There are many busts of Italian patriots of the Risorgimento, and foreigners who fought with weapons or words for the unification of Italy, on the Janiculum in Rome.

==Overview==
The Roman Republic commissioned marble busts to be displayed in the gardens of the Pincian Hill on May 28, 1849, for 10,000 lire. By the end of the war, the 52 busts had been made, but because of the temporary power of the Pope they remained in warehouses on Capitoline Hill.

In June 1851, Pius IX ordered the arrangement of most of the fifty-two busts in the gardens of the Pincian Hill. He excluded some busts because they were atheists.
In 1860 the sculptors Achille Stocchi and Titus Sarrocchi were commissioned to create new busts.

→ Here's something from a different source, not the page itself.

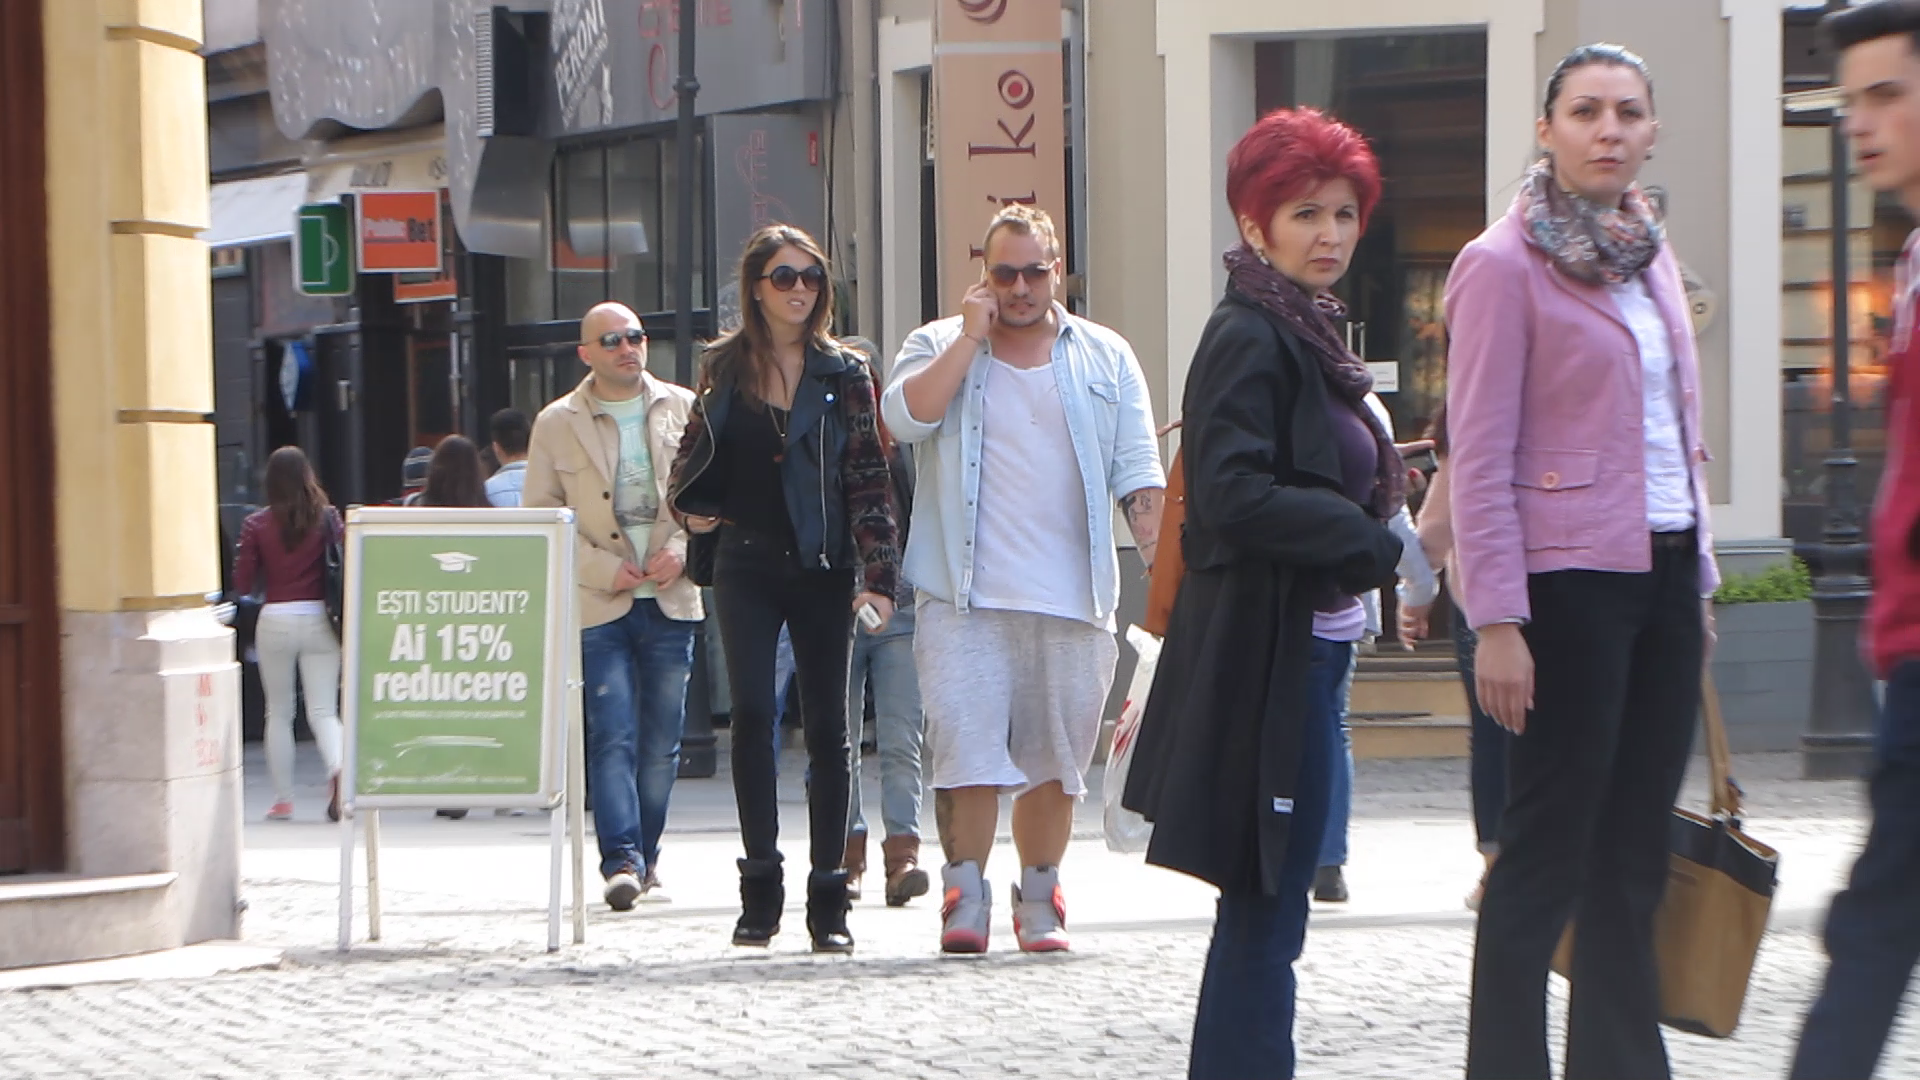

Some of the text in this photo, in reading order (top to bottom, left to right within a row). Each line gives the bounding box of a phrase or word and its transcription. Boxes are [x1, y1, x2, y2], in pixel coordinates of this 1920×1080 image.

[426, 589, 530, 615] STUDENT?
[389, 623, 514, 662] Ai 15%
[373, 663, 529, 703] reducere

Their busts made a total of 228.

The initial placement of the statues took place between the end of 19th and early 20th centuries; the equestrian monument dedicated to Giuseppe Garibaldi was placed in 1896. In the 1920s, during the Fascist regime, the war memorial on the Janiculum was built for the Roman cause. It preserves the remains of some patriots.

The first restoration of the statues was done in the 1960s. Later more restorations were completed for the Great Jubilee, during which a Roman villa was discovered, and new statues were restored and relocated, including those of Anita Garibaldi, Giuseppe Garibaldi, and their children.

== Current monuments ==

The crest of the Janiculum is dominated by the 1895 equestrian Monument to Garibaldi, designed by Italian sculptor Emilio Gallori. This site was chosen for its proximity to the Villa Doria Pamphili, where Garibaldi mounted a military defense of the short-lived Roman Republic in late April 1849.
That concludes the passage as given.